### [Required work]
Copy each line below exactly as it appears. Pictures are to be omitted.

### [Provided data]
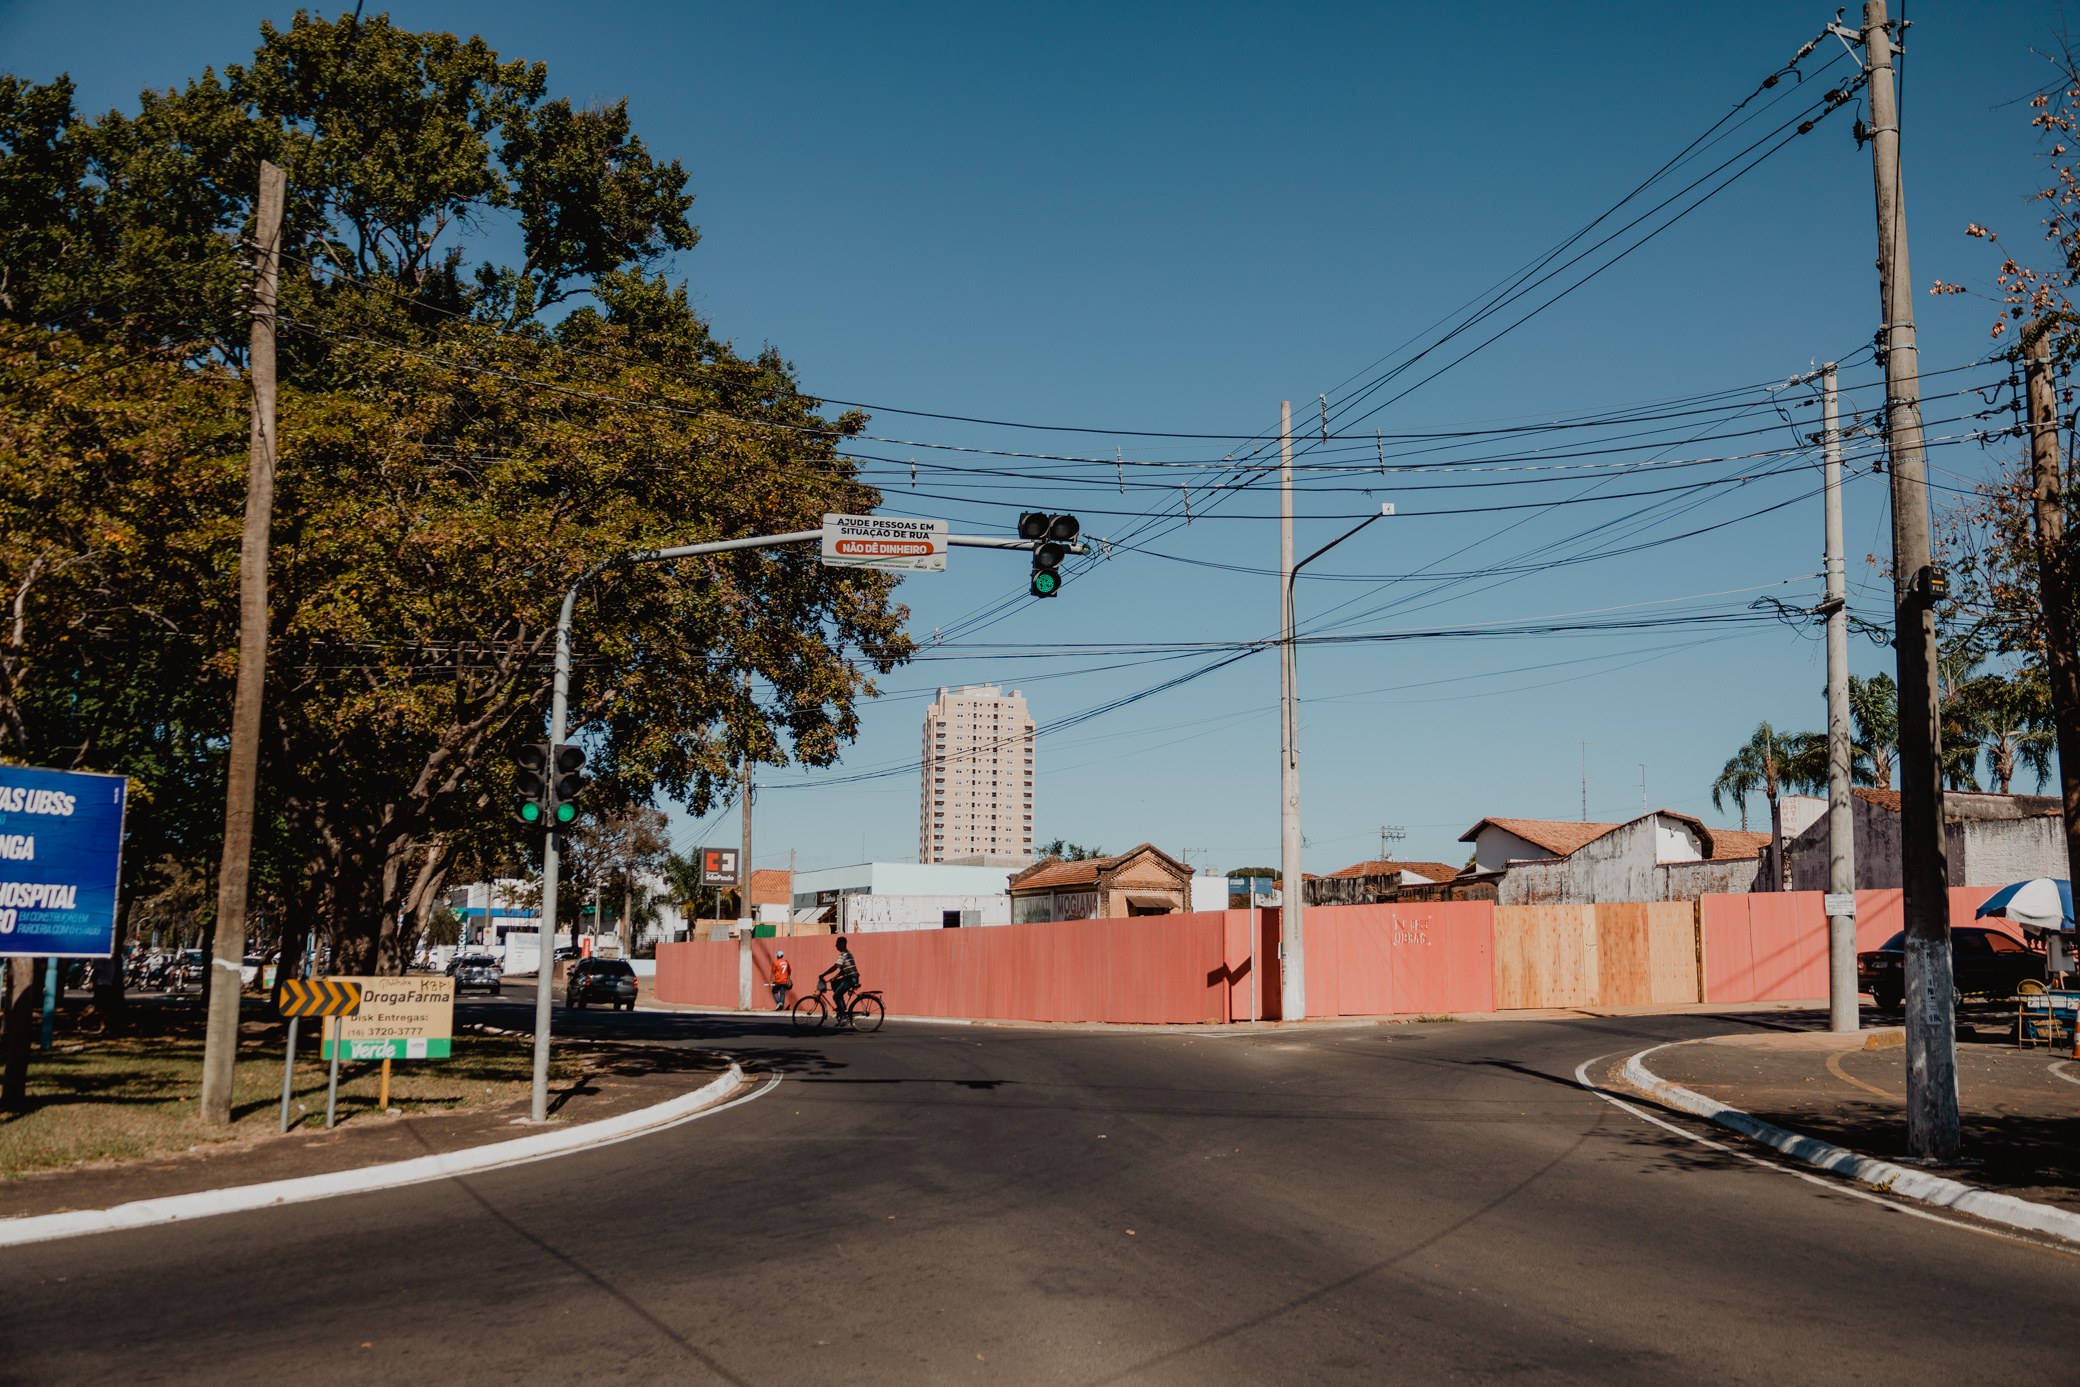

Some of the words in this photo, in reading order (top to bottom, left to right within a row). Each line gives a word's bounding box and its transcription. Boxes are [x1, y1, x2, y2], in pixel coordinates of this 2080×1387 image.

[837, 518, 870, 527] AJUDE
[873, 520, 917, 530] PESSOAS
[920, 523, 934, 531] EM
[841, 527, 890, 538] SITUAÇÃO
[893, 530, 907, 538] DE
[909, 531, 930, 540] RUA
[842, 541, 864, 553] NÃO
[865, 542, 879, 554] DÊ
[880, 543, 928, 555] DINHEIRO
[25, 789, 76, 816] UBSs
[1057, 893, 1098, 915] MOGIANA
[1394, 932, 1426, 944] OBRAS
[781, 965, 788, 974] 7
[363, 990, 450, 1006] DrogaFarma
[377, 1013, 429, 1023] Entregas:
[347, 1029, 365, 1038] (16)
[367, 1027, 423, 1036] 3720-3777
[350, 1038, 397, 1059] Verde
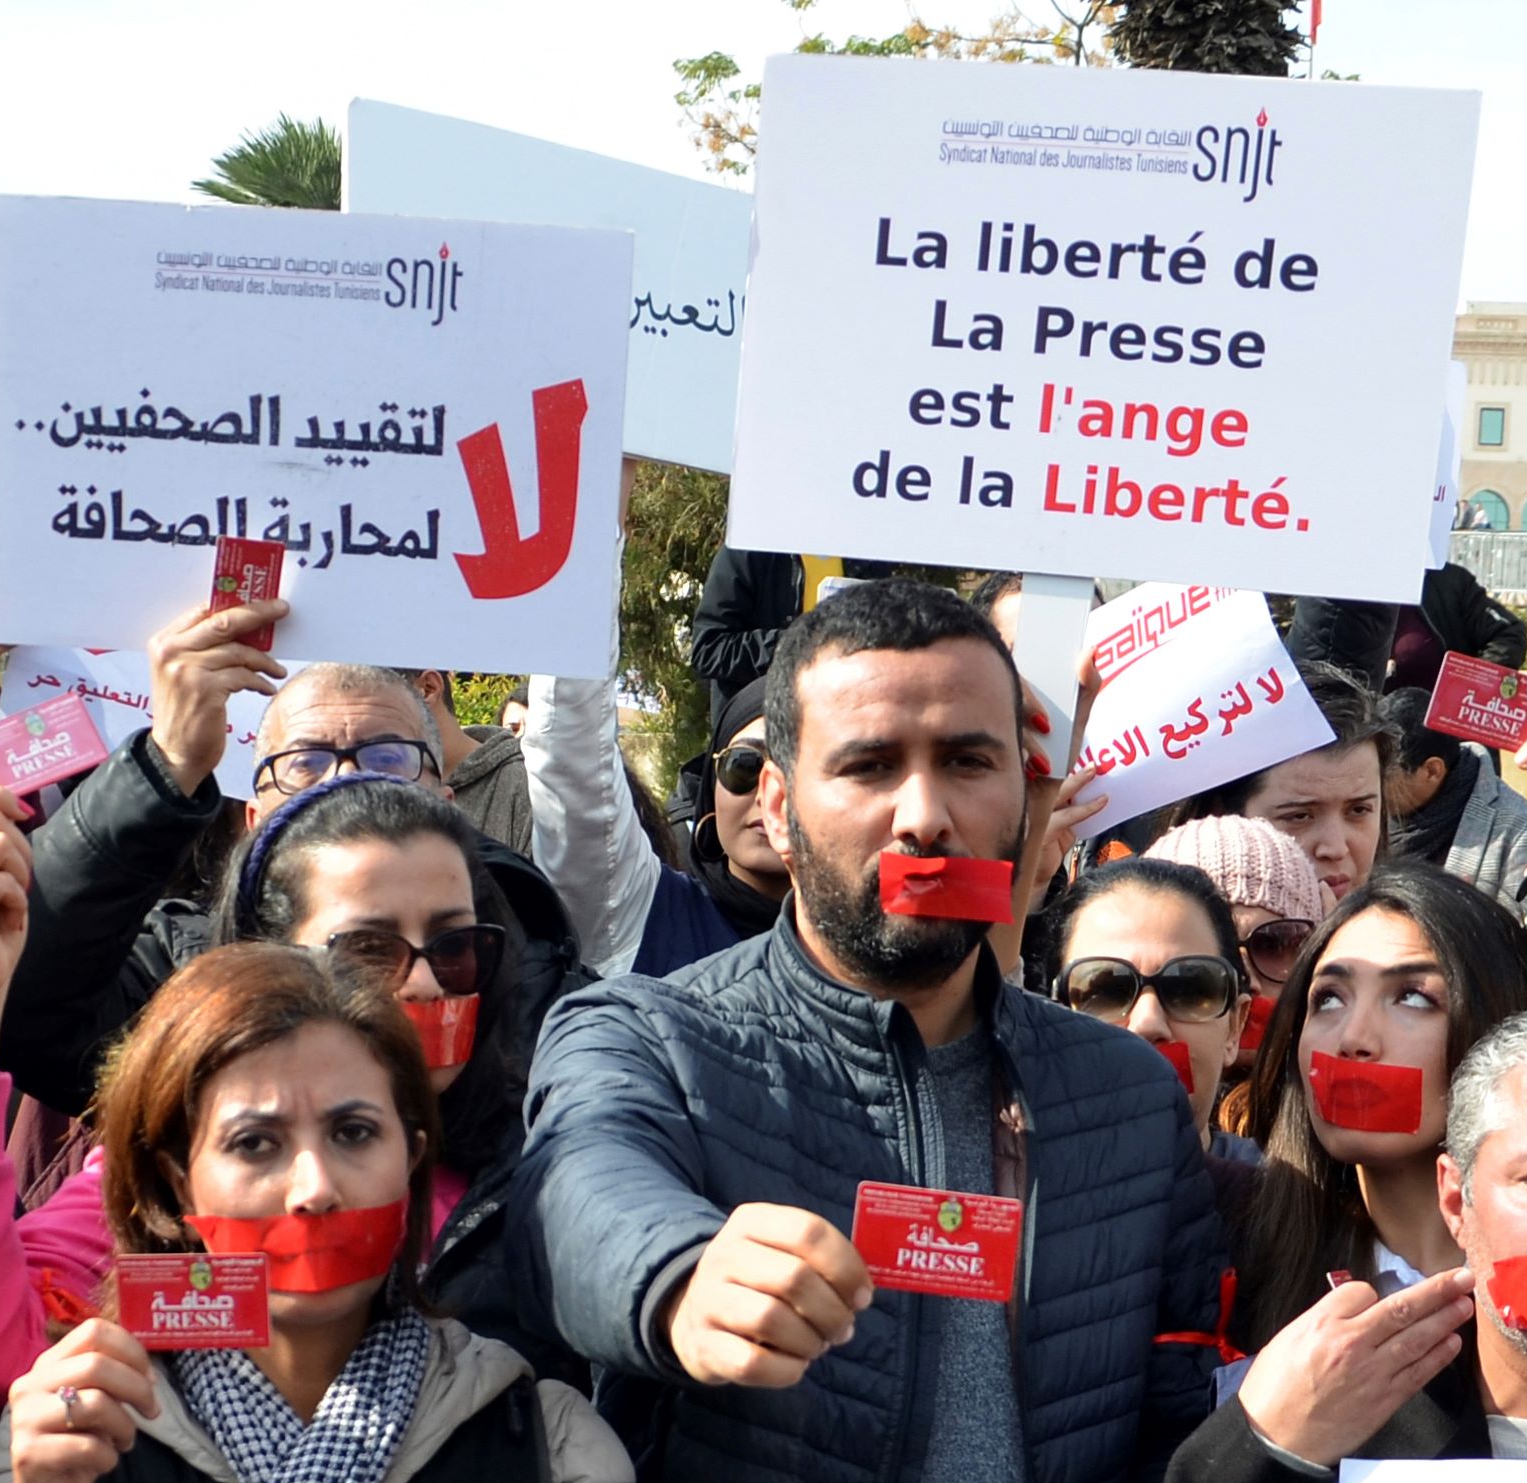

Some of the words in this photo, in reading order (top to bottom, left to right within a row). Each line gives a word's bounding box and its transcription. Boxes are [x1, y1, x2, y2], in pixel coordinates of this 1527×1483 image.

[938, 142, 988, 166] Syndicat
[989, 146, 1038, 167] National
[1039, 149, 1060, 168] des
[1061, 150, 1133, 172] Journalistes
[1135, 153, 1189, 175] Tunisiens
[1083, 125, 1142, 146] الوطنية
[1192, 106, 1283, 203] snjt
[875, 217, 950, 270] La
[977, 221, 1206, 285] liberté
[1233, 235, 1320, 293] de
[155, 272, 200, 291] Syndicat
[202, 275, 244, 294] National
[246, 278, 266, 295] des
[267, 279, 332, 298] Journalistes
[334, 282, 382, 301] Tunisiens
[385, 242, 463, 326] snjt
[930, 299, 1007, 354] La
[1033, 303, 1267, 371] Presse
[294, 402, 447, 469] لتقييد
[907, 380, 1014, 433] est
[1038, 383, 1250, 461] l'ange
[51, 482, 247, 547] الصحافة
[453, 379, 589, 599] لا
[851, 448, 931, 502] de
[957, 455, 1016, 512] la
[1041, 461, 1312, 534] Liberté.
[263, 497, 441, 570] لمحاربة
[1458, 705, 1523, 737] PRESSE
[1461, 689, 1527, 722] صحافة
[10, 743, 73, 780] PRESSE
[896, 1247, 986, 1277] PRESSE
[906, 1223, 980, 1254] صحافة
[150, 1290, 235, 1311] صحافة
[152, 1310, 236, 1330] PRESSE

### [Exercise result]
Some of the words in this photo, in reading order (top to bottom, left to right within a row). Each line gives a word's bounding box and its transcription. Boxes are [x1, y1, x2, y2], in pixel coordinates of this 2080×1387 image.

[837, 518, 870, 527] AJUDE
[873, 520, 917, 530] PESSOAS
[920, 523, 934, 531] EM
[841, 527, 890, 538] SITUAÇÃO
[893, 530, 907, 538] DE
[909, 531, 930, 540] RUA
[842, 541, 864, 553] NÃO
[865, 542, 879, 554] DÊ
[880, 543, 928, 555] DINHEIRO
[25, 789, 76, 816] UBSs
[1057, 893, 1098, 915] MOGIANA
[1394, 932, 1426, 944] OBRAS
[781, 965, 788, 974] 7
[363, 990, 450, 1006] DrogaFarma
[377, 1013, 429, 1023] Entregas:
[347, 1029, 365, 1038] (16)
[367, 1027, 423, 1036] 3720-3777
[350, 1038, 397, 1059] Verde

Some of the words in this photo, in reading order (top to bottom, left to right within a row). Each line gives a word's bounding box and its transcription. Boxes are [x1, y1, x2, y2], in pixel coordinates of this 1527×1483 image.

[938, 142, 988, 166] Syndicat
[989, 146, 1038, 167] National
[1039, 149, 1060, 168] des
[1061, 150, 1133, 172] Journalistes
[1135, 153, 1189, 175] Tunisiens
[1083, 125, 1142, 146] الوطنية
[1192, 106, 1283, 203] snjt
[875, 217, 950, 270] La
[977, 221, 1206, 285] liberté
[1233, 235, 1320, 293] de
[155, 272, 200, 291] Syndicat
[202, 275, 244, 294] National
[246, 278, 266, 295] des
[267, 279, 332, 298] Journalistes
[334, 282, 382, 301] Tunisiens
[385, 242, 463, 326] snjt
[930, 299, 1007, 354] La
[1033, 303, 1267, 371] Presse
[294, 402, 447, 469] لتقييد
[907, 380, 1014, 433] est
[1038, 383, 1250, 461] l'ange
[51, 482, 247, 547] الصحافة
[453, 379, 589, 599] لا
[851, 448, 931, 502] de
[957, 455, 1016, 512] la
[1041, 461, 1312, 534] Liberté.
[263, 497, 441, 570] لمحاربة
[1458, 705, 1523, 737] PRESSE
[1461, 689, 1527, 722] صحافة
[10, 743, 73, 780] PRESSE
[896, 1247, 986, 1277] PRESSE
[906, 1223, 980, 1254] صحافة
[150, 1290, 235, 1311] صحافة
[152, 1310, 236, 1330] PRESSE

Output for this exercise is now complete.